## What needs to be done
For this exercise, transcribe the records below without changing a word.

Text-to-region grounding data
# # #

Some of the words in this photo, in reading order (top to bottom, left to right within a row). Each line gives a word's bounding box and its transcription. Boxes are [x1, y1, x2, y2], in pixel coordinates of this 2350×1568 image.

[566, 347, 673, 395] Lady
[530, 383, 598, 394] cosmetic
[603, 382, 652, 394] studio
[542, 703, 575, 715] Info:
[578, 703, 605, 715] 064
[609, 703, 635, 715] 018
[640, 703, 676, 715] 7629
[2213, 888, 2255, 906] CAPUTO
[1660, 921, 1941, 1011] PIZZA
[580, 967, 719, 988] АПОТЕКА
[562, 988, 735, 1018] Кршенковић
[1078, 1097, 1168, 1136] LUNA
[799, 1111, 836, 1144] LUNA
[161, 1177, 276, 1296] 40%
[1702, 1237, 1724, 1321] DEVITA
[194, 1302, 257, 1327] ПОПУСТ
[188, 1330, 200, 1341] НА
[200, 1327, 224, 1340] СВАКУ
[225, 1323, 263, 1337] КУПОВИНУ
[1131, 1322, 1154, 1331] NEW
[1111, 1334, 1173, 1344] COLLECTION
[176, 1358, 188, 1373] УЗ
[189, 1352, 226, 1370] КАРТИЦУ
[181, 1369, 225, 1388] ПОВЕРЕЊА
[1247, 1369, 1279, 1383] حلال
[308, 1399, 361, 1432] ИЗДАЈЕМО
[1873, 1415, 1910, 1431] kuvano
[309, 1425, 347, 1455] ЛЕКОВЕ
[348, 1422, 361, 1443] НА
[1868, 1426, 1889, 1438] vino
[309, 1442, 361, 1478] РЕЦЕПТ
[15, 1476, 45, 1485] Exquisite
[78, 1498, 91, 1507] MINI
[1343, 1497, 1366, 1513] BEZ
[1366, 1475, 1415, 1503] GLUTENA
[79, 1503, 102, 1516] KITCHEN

# # #

## Output of the exercise
Some of the words in this photo, in reading order (top to bottom, left to right within a row). Each line gives a word's bounding box and its transcription. Boxes are [x1, y1, x2, y2], in pixel coordinates of this 2350×1568 image.

[566, 347, 673, 395] Lady
[530, 383, 598, 394] cosmetic
[603, 382, 652, 394] studio
[542, 703, 575, 715] Info:
[578, 703, 605, 715] 064
[609, 703, 635, 715] 018
[640, 703, 676, 715] 7629
[2213, 888, 2255, 906] CAPUTO
[1660, 921, 1941, 1011] PIZZA
[580, 967, 719, 988] АПОТЕКА
[562, 988, 735, 1018] Кршенковић
[1078, 1097, 1168, 1136] LUNA
[799, 1111, 836, 1144] LUNA
[161, 1177, 276, 1296] 40%
[1702, 1237, 1724, 1321] DEVITA
[194, 1302, 257, 1327] ПОПУСТ
[188, 1330, 200, 1341] НА
[200, 1327, 224, 1340] СВАКУ
[225, 1323, 263, 1337] КУПОВИНУ
[1131, 1322, 1154, 1331] NEW
[1111, 1334, 1173, 1344] COLLECTION
[176, 1358, 188, 1373] УЗ
[189, 1352, 226, 1370] КАРТИЦУ
[181, 1369, 225, 1388] ПОВЕРЕЊА
[1247, 1369, 1279, 1383] حلال
[308, 1399, 361, 1432] ИЗДАЈЕМО
[1873, 1415, 1910, 1431] kuvano
[309, 1425, 347, 1455] ЛЕКОВЕ
[348, 1422, 361, 1443] НА
[1868, 1426, 1889, 1438] vino
[309, 1442, 361, 1478] РЕЦЕПТ
[15, 1476, 45, 1485] Exquisite
[78, 1498, 91, 1507] MINI
[1343, 1497, 1366, 1513] BEZ
[1366, 1475, 1415, 1503] GLUTENA
[79, 1503, 102, 1516] KITCHEN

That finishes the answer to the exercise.